DESCRIPTION OF THE TASK:
What you give back should match the listing word for word.

*** Opening SOURCE INFORMATION ***

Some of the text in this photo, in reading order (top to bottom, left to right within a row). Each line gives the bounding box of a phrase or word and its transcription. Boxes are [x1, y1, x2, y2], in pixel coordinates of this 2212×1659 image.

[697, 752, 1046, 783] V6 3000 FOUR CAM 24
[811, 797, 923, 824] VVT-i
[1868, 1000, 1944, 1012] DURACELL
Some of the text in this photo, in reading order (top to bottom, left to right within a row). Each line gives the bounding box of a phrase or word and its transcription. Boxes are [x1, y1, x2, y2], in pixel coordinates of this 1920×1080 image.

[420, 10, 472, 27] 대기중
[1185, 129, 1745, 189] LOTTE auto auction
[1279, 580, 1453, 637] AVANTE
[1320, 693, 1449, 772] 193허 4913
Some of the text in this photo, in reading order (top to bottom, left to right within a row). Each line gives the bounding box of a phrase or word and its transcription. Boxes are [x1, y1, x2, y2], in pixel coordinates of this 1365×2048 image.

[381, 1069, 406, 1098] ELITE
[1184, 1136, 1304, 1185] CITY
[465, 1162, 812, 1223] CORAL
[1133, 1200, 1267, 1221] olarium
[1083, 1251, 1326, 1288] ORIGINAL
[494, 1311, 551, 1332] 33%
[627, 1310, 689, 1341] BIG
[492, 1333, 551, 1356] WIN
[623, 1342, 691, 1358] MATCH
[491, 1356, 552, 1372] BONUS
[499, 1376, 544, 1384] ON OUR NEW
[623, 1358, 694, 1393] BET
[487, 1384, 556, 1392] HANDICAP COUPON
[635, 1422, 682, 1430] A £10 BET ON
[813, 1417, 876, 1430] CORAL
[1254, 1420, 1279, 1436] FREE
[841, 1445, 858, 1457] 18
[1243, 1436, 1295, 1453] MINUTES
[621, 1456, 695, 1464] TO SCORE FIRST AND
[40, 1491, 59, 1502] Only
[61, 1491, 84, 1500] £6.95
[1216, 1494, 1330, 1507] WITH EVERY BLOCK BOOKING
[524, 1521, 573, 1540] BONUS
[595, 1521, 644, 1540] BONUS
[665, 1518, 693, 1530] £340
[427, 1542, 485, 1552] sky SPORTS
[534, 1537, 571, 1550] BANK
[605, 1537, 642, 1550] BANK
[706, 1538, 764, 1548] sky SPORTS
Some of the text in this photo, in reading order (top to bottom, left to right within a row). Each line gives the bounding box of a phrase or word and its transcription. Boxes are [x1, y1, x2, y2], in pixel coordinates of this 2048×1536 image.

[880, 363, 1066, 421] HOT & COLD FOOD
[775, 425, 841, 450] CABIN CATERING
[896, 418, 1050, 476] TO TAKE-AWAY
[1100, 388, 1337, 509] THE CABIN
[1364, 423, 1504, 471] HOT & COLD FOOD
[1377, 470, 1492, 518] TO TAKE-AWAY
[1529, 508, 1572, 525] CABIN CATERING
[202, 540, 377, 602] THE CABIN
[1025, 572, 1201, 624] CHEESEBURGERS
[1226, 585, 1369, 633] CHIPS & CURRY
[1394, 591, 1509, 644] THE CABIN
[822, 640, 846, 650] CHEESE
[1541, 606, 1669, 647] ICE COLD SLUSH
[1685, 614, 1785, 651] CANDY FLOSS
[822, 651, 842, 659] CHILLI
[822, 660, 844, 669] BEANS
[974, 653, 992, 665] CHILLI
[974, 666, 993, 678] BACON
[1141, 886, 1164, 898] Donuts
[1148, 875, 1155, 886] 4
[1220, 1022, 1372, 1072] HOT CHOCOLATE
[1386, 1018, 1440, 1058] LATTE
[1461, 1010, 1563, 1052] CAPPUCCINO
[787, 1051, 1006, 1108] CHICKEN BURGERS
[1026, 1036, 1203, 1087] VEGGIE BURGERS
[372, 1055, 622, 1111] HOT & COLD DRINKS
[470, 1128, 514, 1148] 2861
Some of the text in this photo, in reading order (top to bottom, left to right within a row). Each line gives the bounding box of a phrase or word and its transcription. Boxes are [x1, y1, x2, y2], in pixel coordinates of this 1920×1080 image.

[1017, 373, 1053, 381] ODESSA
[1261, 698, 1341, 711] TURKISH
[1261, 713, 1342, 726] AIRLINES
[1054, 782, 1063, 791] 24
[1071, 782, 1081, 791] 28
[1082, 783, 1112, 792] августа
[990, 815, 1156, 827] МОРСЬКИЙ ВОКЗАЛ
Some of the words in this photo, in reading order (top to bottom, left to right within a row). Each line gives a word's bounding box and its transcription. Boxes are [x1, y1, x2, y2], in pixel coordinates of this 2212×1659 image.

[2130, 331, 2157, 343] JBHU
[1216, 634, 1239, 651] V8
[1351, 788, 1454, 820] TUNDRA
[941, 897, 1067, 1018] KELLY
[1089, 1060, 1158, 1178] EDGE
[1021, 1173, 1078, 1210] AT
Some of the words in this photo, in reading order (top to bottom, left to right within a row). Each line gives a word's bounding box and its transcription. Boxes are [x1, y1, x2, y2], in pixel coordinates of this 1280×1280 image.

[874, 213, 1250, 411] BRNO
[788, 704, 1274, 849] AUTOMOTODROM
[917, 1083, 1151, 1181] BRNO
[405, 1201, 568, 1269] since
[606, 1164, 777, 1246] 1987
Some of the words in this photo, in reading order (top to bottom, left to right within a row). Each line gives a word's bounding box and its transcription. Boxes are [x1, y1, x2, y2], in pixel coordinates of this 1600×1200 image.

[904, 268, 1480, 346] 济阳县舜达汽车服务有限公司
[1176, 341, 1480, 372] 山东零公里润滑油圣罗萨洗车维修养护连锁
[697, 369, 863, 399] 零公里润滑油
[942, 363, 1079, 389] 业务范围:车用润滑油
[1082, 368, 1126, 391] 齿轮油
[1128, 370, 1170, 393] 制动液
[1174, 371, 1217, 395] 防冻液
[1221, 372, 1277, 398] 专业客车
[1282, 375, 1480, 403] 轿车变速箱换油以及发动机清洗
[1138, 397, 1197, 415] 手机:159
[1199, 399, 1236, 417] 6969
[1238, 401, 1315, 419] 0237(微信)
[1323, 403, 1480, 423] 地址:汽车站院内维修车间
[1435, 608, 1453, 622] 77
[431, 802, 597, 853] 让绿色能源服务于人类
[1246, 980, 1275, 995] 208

*** Closing SOURCE INFORMATION ***

OUTPUT FOR THIS TASK:
Some of the text in this photo, in reading order (top to bottom, left to right within a row). Each line gives the bounding box of a phrase or word and its transcription. Boxes are [x1, y1, x2, y2], in pixel coordinates of this 2212×1659 image.

[697, 752, 1046, 783] V6 3000 FOUR CAM 24
[811, 797, 923, 824] VVT-i
[1868, 1000, 1944, 1012] DURACELL
Some of the text in this photo, in reading order (top to bottom, left to right within a row). Each line gives the bounding box of a phrase or word and its transcription. Boxes are [x1, y1, x2, y2], in pixel coordinates of this 1920×1080 image.

[420, 10, 472, 27] 대기중
[1185, 129, 1745, 189] LOTTE auto auction
[1279, 580, 1453, 637] AVANTE
[1320, 693, 1449, 772] 193허 4913
Some of the text in this photo, in reading order (top to bottom, left to right within a row). Each line gives the bounding box of a phrase or word and its transcription. Boxes are [x1, y1, x2, y2], in pixel coordinates of this 1365×2048 image.

[381, 1069, 406, 1098] ELITE
[1184, 1136, 1304, 1185] CITY
[465, 1162, 812, 1223] CORAL
[1133, 1200, 1267, 1221] olarium
[1083, 1251, 1326, 1288] ORIGINAL
[494, 1311, 551, 1332] 33%
[627, 1310, 689, 1341] BIG
[492, 1333, 551, 1356] WIN
[623, 1342, 691, 1358] MATCH
[491, 1356, 552, 1372] BONUS
[499, 1376, 544, 1384] ON OUR NEW
[623, 1358, 694, 1393] BET
[487, 1384, 556, 1392] HANDICAP COUPON
[635, 1422, 682, 1430] A £10 BET ON
[813, 1417, 876, 1430] CORAL
[1254, 1420, 1279, 1436] FREE
[841, 1445, 858, 1457] 18
[1243, 1436, 1295, 1453] MINUTES
[621, 1456, 695, 1464] TO SCORE FIRST AND
[40, 1491, 59, 1502] Only
[61, 1491, 84, 1500] £6.95
[1216, 1494, 1330, 1507] WITH EVERY BLOCK BOOKING
[524, 1521, 573, 1540] BONUS
[595, 1521, 644, 1540] BONUS
[665, 1518, 693, 1530] £340
[427, 1542, 485, 1552] sky SPORTS
[534, 1537, 571, 1550] BANK
[605, 1537, 642, 1550] BANK
[706, 1538, 764, 1548] sky SPORTS
Some of the text in this photo, in reading order (top to bottom, left to right within a row). Each line gives the bounding box of a phrase or word and its transcription. Boxes are [x1, y1, x2, y2], in pixel coordinates of this 2048×1536 image.

[880, 363, 1066, 421] HOT & COLD FOOD
[775, 425, 841, 450] CABIN CATERING
[896, 418, 1050, 476] TO TAKE-AWAY
[1100, 388, 1337, 509] THE CABIN
[1364, 423, 1504, 471] HOT & COLD FOOD
[1377, 470, 1492, 518] TO TAKE-AWAY
[1529, 508, 1572, 525] CABIN CATERING
[202, 540, 377, 602] THE CABIN
[1025, 572, 1201, 624] CHEESEBURGERS
[1226, 585, 1369, 633] CHIPS & CURRY
[1394, 591, 1509, 644] THE CABIN
[822, 640, 846, 650] CHEESE
[1541, 606, 1669, 647] ICE COLD SLUSH
[1685, 614, 1785, 651] CANDY FLOSS
[822, 651, 842, 659] CHILLI
[822, 660, 844, 669] BEANS
[974, 653, 992, 665] CHILLI
[974, 666, 993, 678] BACON
[1141, 886, 1164, 898] Donuts
[1148, 875, 1155, 886] 4
[1220, 1022, 1372, 1072] HOT CHOCOLATE
[1386, 1018, 1440, 1058] LATTE
[1461, 1010, 1563, 1052] CAPPUCCINO
[787, 1051, 1006, 1108] CHICKEN BURGERS
[1026, 1036, 1203, 1087] VEGGIE BURGERS
[372, 1055, 622, 1111] HOT & COLD DRINKS
[470, 1128, 514, 1148] 2861
Some of the text in this photo, in reading order (top to bottom, left to right within a row). Each line gives the bounding box of a phrase or word and its transcription. Boxes are [x1, y1, x2, y2], in pixel coordinates of this 1920×1080 image.

[1017, 373, 1053, 381] ODESSA
[1261, 698, 1341, 711] TURKISH
[1261, 713, 1342, 726] AIRLINES
[1054, 782, 1063, 791] 24
[1071, 782, 1081, 791] 28
[1082, 783, 1112, 792] августа
[990, 815, 1156, 827] МОРСЬКИЙ ВОКЗАЛ
Some of the words in this photo, in reading order (top to bottom, left to right within a row). Each line gives a word's bounding box and its transcription. Boxes are [x1, y1, x2, y2], in pixel coordinates of this 2212×1659 image.

[2130, 331, 2157, 343] JBHU
[1216, 634, 1239, 651] V8
[1351, 788, 1454, 820] TUNDRA
[941, 897, 1067, 1018] KELLY
[1089, 1060, 1158, 1178] EDGE
[1021, 1173, 1078, 1210] AT
Some of the words in this photo, in reading order (top to bottom, left to right within a row). Each line gives a word's bounding box and its transcription. Boxes are [x1, y1, x2, y2], in pixel coordinates of this 1280×1280 image.

[874, 213, 1250, 411] BRNO
[788, 704, 1274, 849] AUTOMOTODROM
[917, 1083, 1151, 1181] BRNO
[405, 1201, 568, 1269] since
[606, 1164, 777, 1246] 1987
Some of the words in this photo, in reading order (top to bottom, left to right within a row). Each line gives a word's bounding box and its transcription. Boxes are [x1, y1, x2, y2], in pixel coordinates of this 1600×1200 image.

[904, 268, 1480, 346] 济阳县舜达汽车服务有限公司
[1176, 341, 1480, 372] 山东零公里润滑油圣罗萨洗车维修养护连锁
[697, 369, 863, 399] 零公里润滑油
[942, 363, 1079, 389] 业务范围:车用润滑油
[1082, 368, 1126, 391] 齿轮油
[1128, 370, 1170, 393] 制动液
[1174, 371, 1217, 395] 防冻液
[1221, 372, 1277, 398] 专业客车
[1282, 375, 1480, 403] 轿车变速箱换油以及发动机清洗
[1138, 397, 1197, 415] 手机:159
[1199, 399, 1236, 417] 6969
[1238, 401, 1315, 419] 0237(微信)
[1323, 403, 1480, 423] 地址:汽车站院内维修车间
[1435, 608, 1453, 622] 77
[431, 802, 597, 853] 让绿色能源服务于人类
[1246, 980, 1275, 995] 208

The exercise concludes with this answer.